Monday, January 24, 2011

Create Silverlight Applications to Access SharePoint 2010 List Data using Client Object Model

In this article, I will create a simple Silverlight 4 application that displays a SharePoint 2010 list data inside a datagrid control. To do so, I need to follow given steps:-
1. Create a Silverlight Application Project.
2. Add code to access SharePoint list data.
3. Deploy the solution.
4. Test the solution.

Create a Silverlight Application Project

1. Start VS 2010, Click File, point to New Project, then select Silverlight Application.

2. At the top of the screen, select .NET Framework 3.5, type SilverlightApplicationDemo in the Name box and then click ok.

3. The New Silverlight Application dialog box appears, and then unchecks the “Host the Silverlight application in a new web site” option. We don’t need it even though you can use this to host your silverlight application and select Silverlight 4 as silverlight version.
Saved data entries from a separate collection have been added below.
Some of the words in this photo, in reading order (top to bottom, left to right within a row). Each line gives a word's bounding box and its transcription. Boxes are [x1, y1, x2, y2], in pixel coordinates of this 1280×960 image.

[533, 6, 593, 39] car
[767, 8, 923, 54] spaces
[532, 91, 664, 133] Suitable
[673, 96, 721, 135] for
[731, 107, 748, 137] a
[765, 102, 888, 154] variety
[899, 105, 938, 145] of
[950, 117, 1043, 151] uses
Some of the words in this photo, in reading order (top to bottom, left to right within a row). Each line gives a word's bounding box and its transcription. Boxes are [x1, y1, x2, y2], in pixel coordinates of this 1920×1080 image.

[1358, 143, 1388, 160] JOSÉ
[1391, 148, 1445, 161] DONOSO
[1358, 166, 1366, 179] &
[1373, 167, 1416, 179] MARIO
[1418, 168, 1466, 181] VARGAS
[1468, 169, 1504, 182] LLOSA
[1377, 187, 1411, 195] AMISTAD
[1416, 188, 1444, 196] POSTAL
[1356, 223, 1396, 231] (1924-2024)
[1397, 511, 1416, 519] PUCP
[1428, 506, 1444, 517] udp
4. Add reference to the SharePoint silverlight client object model. For doing so in solution explorer, right click on Add References.
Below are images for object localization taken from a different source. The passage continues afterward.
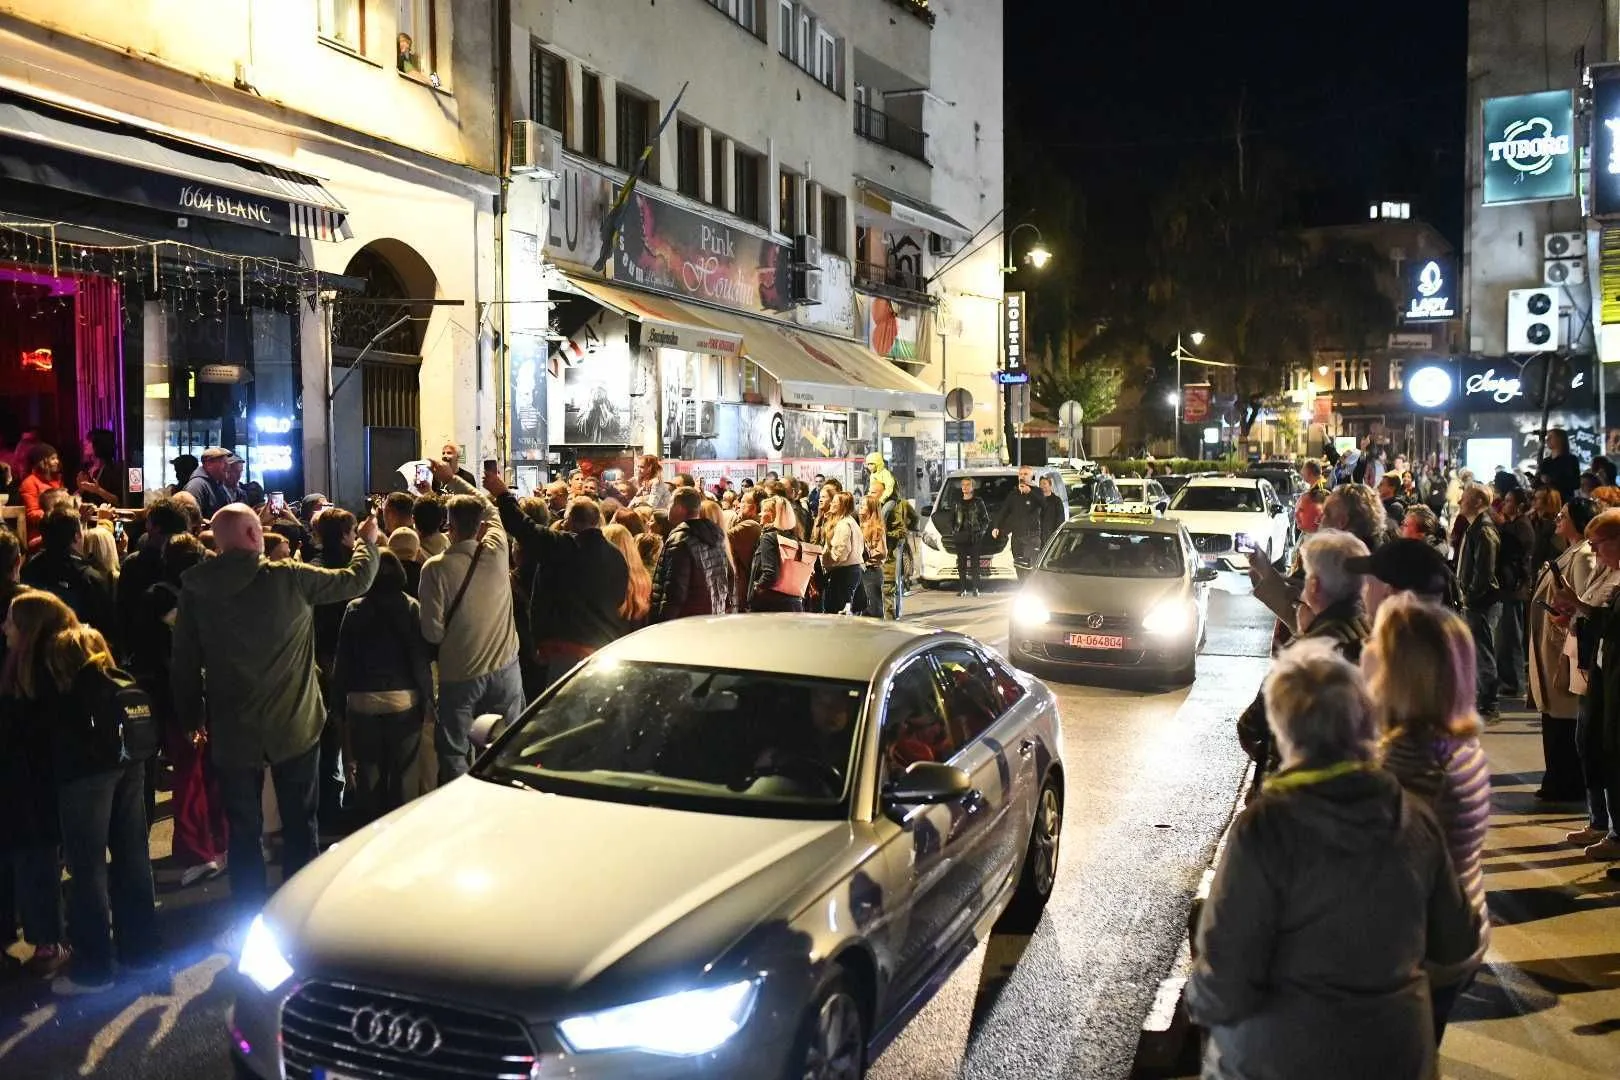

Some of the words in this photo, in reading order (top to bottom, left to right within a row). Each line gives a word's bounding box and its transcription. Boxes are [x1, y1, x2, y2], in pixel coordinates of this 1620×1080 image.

[1489, 135, 1569, 162] TUBORG
[179, 185, 215, 212] 1664
[215, 195, 271, 224] BLANC
[701, 224, 735, 258] Pink
[683, 256, 755, 305] Houdini
[1008, 296, 1019, 369] HOSTEL
[1072, 634, 1121, 647] TA-064804
5. Next, browse to “C:\Program Files\Common Files\Microsoft Shared\Web Server Extensions\14\TEMPLATE\LAYOUTS\ClientBin”, then select Microsoft.SharePoint.ClientSilverlight.dll and Microsoft.SharePoint.Client.Silverlight.Runtime.dll, and click OK.
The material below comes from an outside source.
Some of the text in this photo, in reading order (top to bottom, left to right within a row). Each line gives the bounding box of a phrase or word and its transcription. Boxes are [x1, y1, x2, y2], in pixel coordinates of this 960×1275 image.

Add Code to access SharePoint list data

1. To view data, drag a DataGrid control from the toolbox onto existing grid in the MainPage.xaml silverlight Designer. And set AutoGenerateColumns to true.
2. Open MainPage.xaml.cs and then add following statement at the top of the file.
using Microsoft.SharePoint.Client;

3. Add the following class before the MainPage class.
public class EmpInfo
{
// Public properties
public string EmpID { get; set; }
public string Name { get; set; }
public string Address { get; set; }
}
4. ListItemCollection gempItemCol
ObservableCollection< EmpInfo > gEmpInfo= new ObservableCollection< EmpInfo >();

public MainPage()
{
InitializeComponent();
GetEmpData();
}
private void GetEmpData ()
{
try
{
ClientContext Context = new ClientContext(ApplicationContext.Current.Url);
Context.Load(Context.Web);
List _emps = Context.Web.Lists.GetByTitle(“emp”);
Context.Load(_channels);
CamlQuery _query = new Microsoft.SharePoint.Client.CamlQuery();
string _camlQueryXml = @"View> /View>";
_query.ViewXml = _camlQueryXml;
gempItemCol =_emps.GetItems(_query);
Context.Load(gempItemCol);
Context.ExecuteQueryAsync(OnRequestSucceeded, null);
}
catch (Exception ex)
{;}
}
private void OnRequestSucceeded (Object sender, ClientRequestSucceededEventArgs args)
{
try
{
Dispatcher.BeginInvoke(BindEmpsData);
}
catch (Exception ex)
{; }
}

private void BindEmpsData ()
{
try
{
foreach (ListItem _item in gempItemCol)
{
_ EmpID= _item.FieldValues["EmpID"] as FieldLookupValue;//if taken lookup field
String _strEmpID;
if (_EmpID == null)
_ strEmpID = string.Empty;
else
_ strEmpID = _ EmpID.LookupValue;

gEmpInfo.Add(new EmpInfo()
{
Name = Convert.ToString(_item["Name"]),
EmpID = Convert.ToString(_item.Id),
Address== Convert.ToString(_item["Address "])
});
}
lstEmployee.ItemsSource = gEmpInfo;//Bind DataGrid
}
catch (Exception ex)
{ ; }
}

Deploy the solution

1. To deploy the solution onto SharePoint, the resulting .xap file of silverlight application must be present in the C:\Program Files\Common Files\Microsoft Shared\Web Server Extensions\14\TEMPLATE\LAYOUTS\ClientBin folder.
2. To do so there are two ways
a) You can change the output path to “C:\Program Files\Common Files\Microsoft Shared\Web Server Extensions\14\TEMPLATE\LAYOUTS\ClientBin”.
b) Manual copy and paste it in ClientBin folder.
3. Build the solution and follow any of the above approach.

Test the solution

1. Navigate to the SharePoint site.
2. Select Edit Page icon.
3. Click Insert and then click web part, select Media and Content from web part list and then click add.
4. In the silverlight web part dialog box type /_layouts/ClientBin/ SilverlightApplicationDemo.xap as URL and then click ok.